(SOURCE MATERIAL)

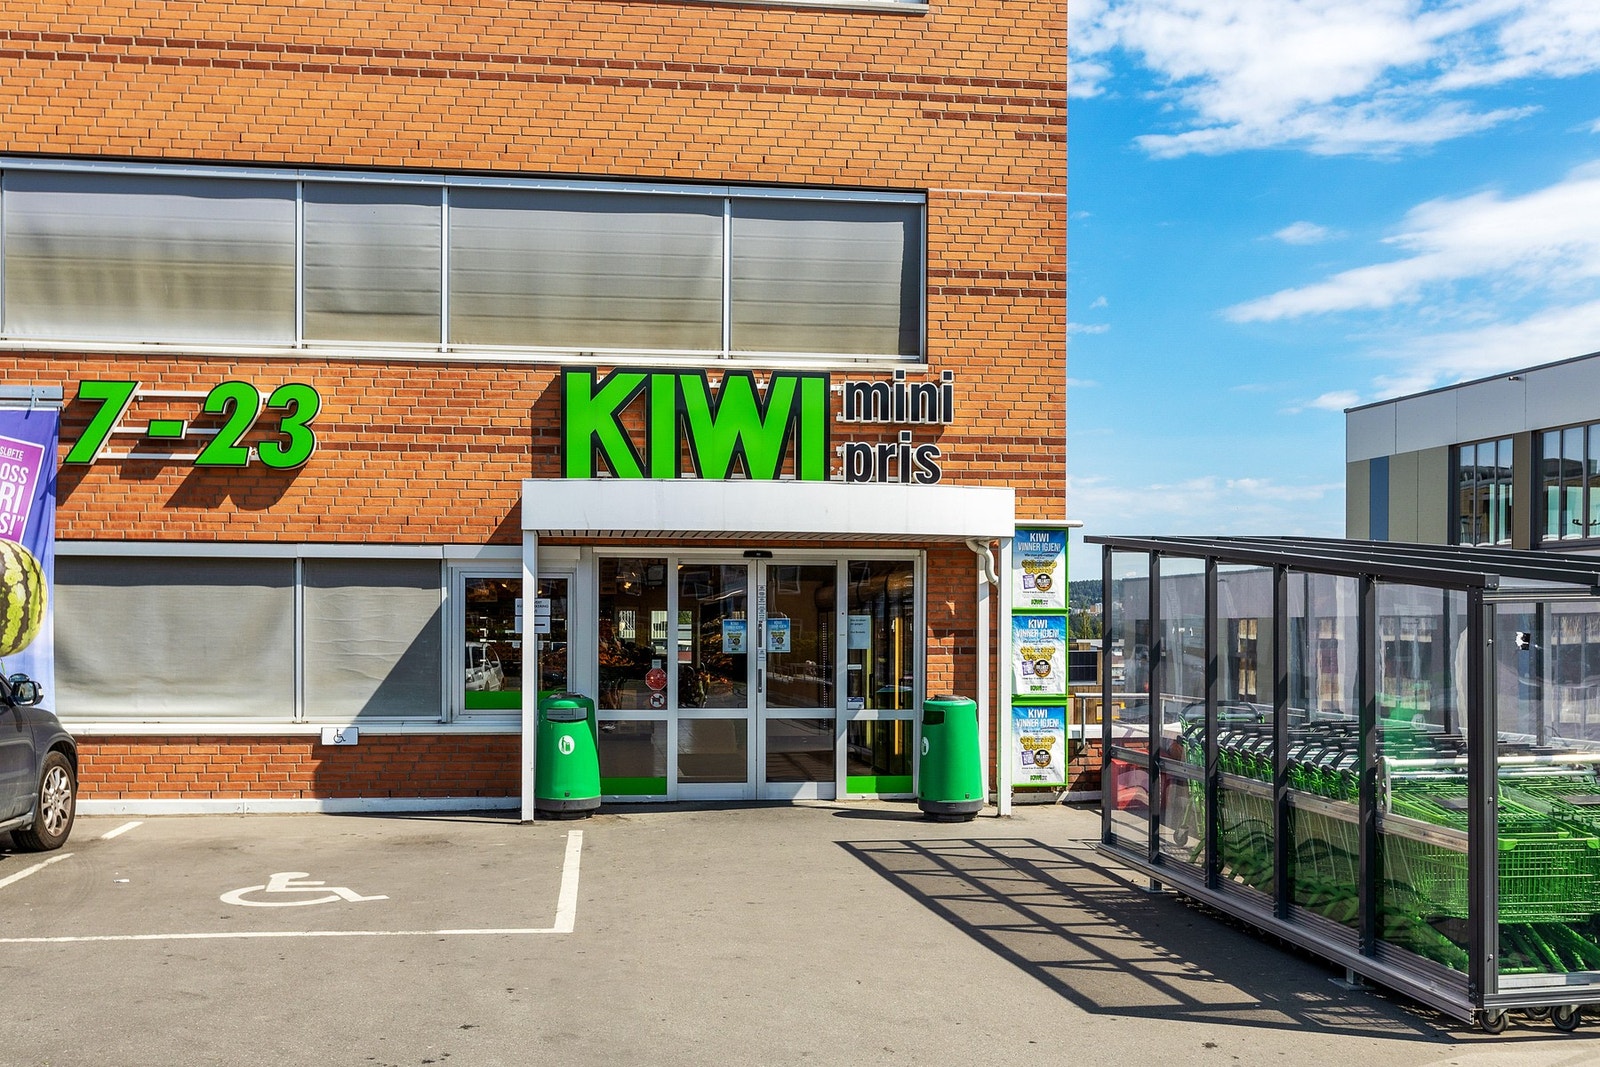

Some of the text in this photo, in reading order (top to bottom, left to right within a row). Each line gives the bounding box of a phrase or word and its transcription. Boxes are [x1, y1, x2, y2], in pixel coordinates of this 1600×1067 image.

[842, 369, 954, 424] mini
[561, 367, 830, 481] KIWI
[842, 430, 942, 485] pris
[0, 462, 29, 485] OSS
[1030, 533, 1049, 542] KIWI
[1028, 619, 1048, 628] KIWI
[1028, 709, 1048, 718] KIWI
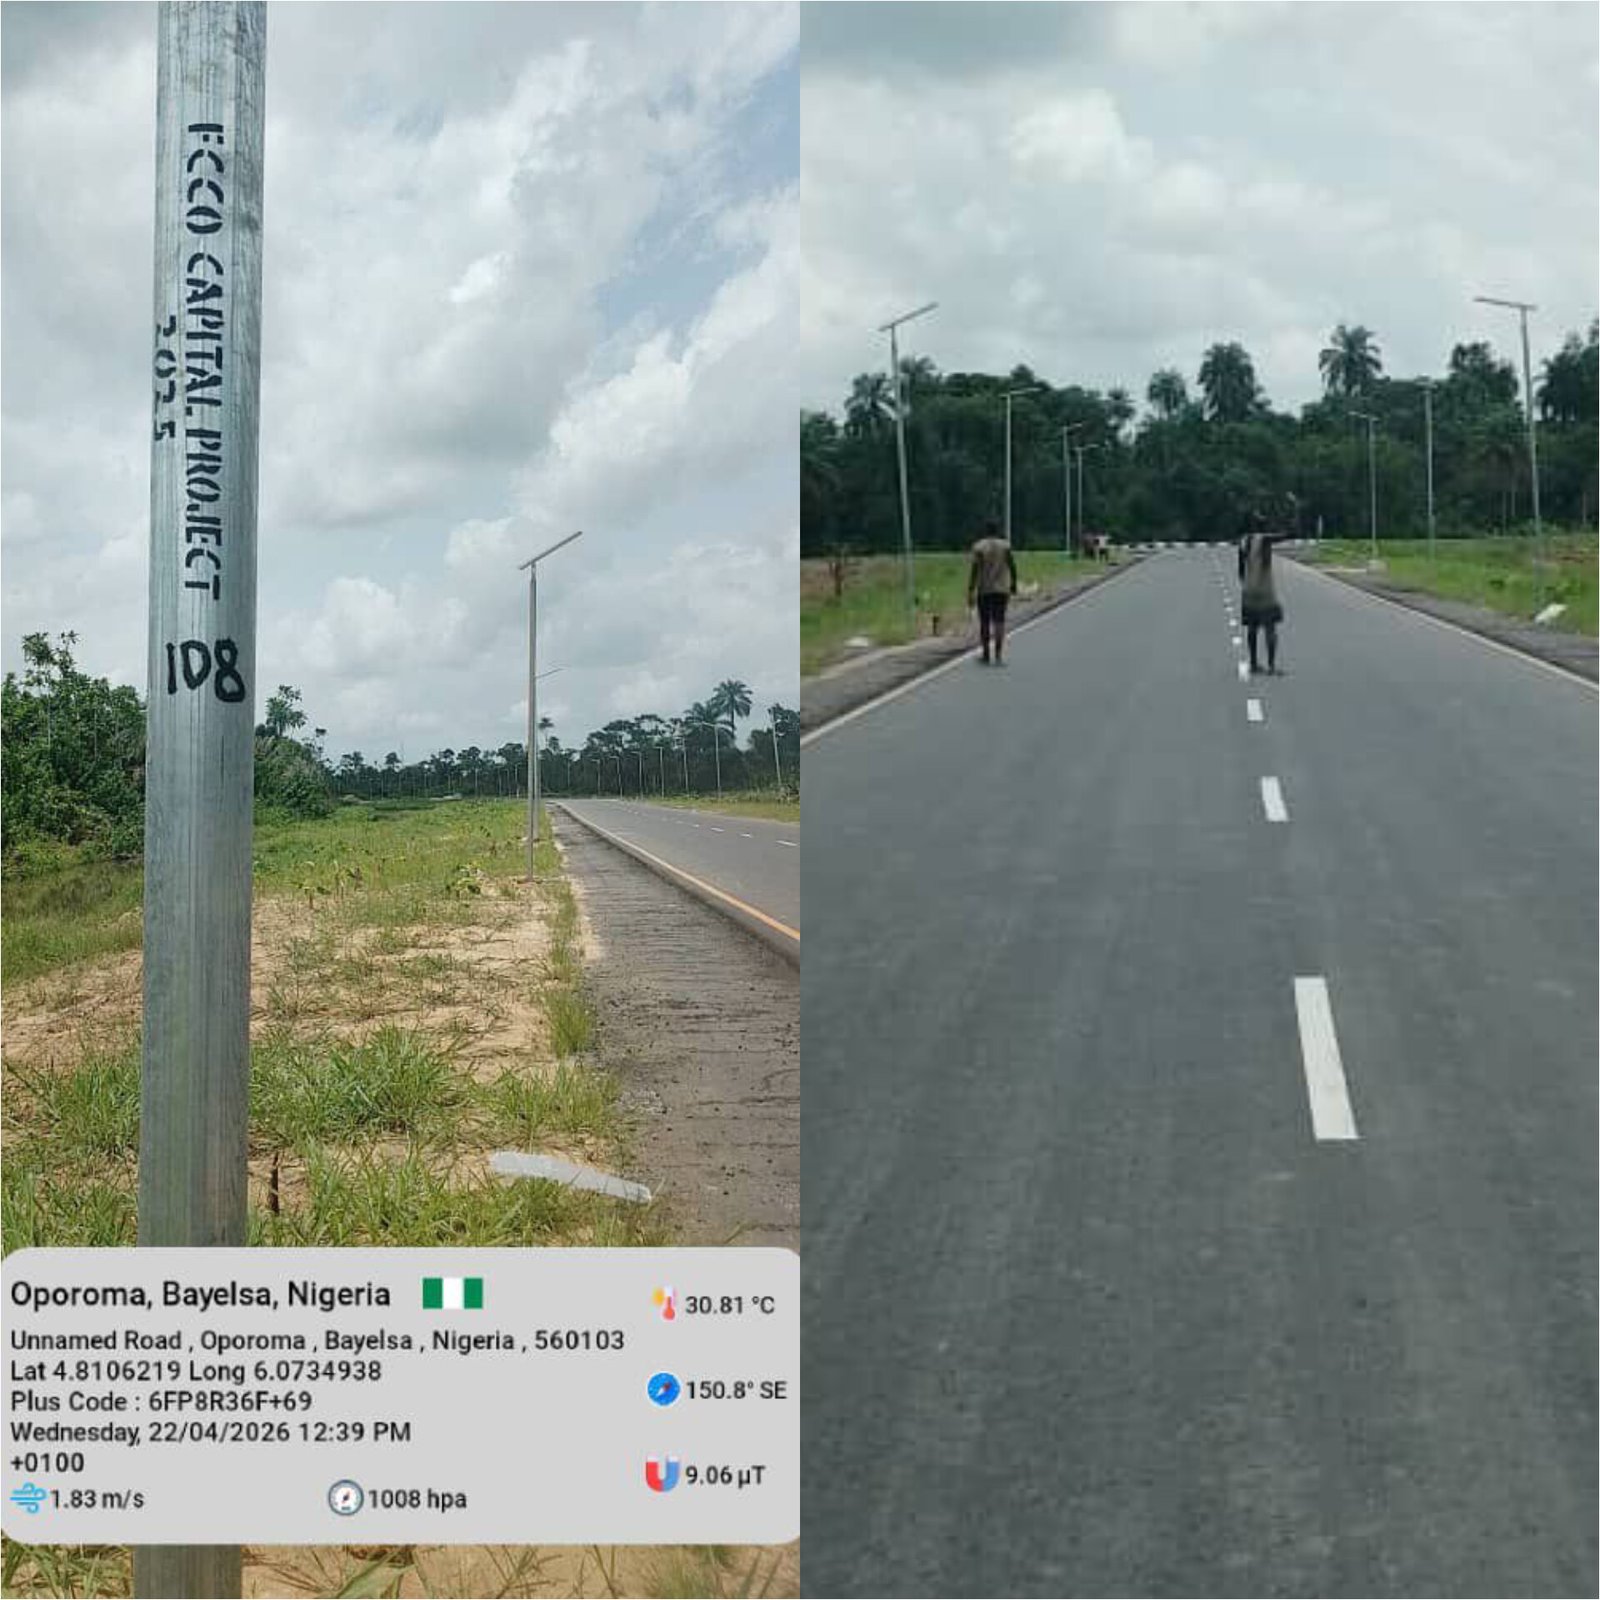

(End SOURCE MATERIAL)

* [INSTRUCTIONS FOR THE TASK]:
Set down the records exactly, without the pictures.

* [SOLUTION TO THE EXERCISE]:
Some of the text in this photo, in reading order (top to bottom, left to right within a row). Each line gives the bounding box of a phrase or word and its transcription. Boxes are [x1, y1, x2, y2], in pixel coordinates of this 1600×1067 image.

[842, 369, 954, 424] mini
[561, 367, 830, 481] KIWI
[842, 430, 942, 485] pris
[0, 462, 29, 485] OSS
[1030, 533, 1049, 542] KIWI
[1028, 619, 1048, 628] KIWI
[1028, 709, 1048, 718] KIWI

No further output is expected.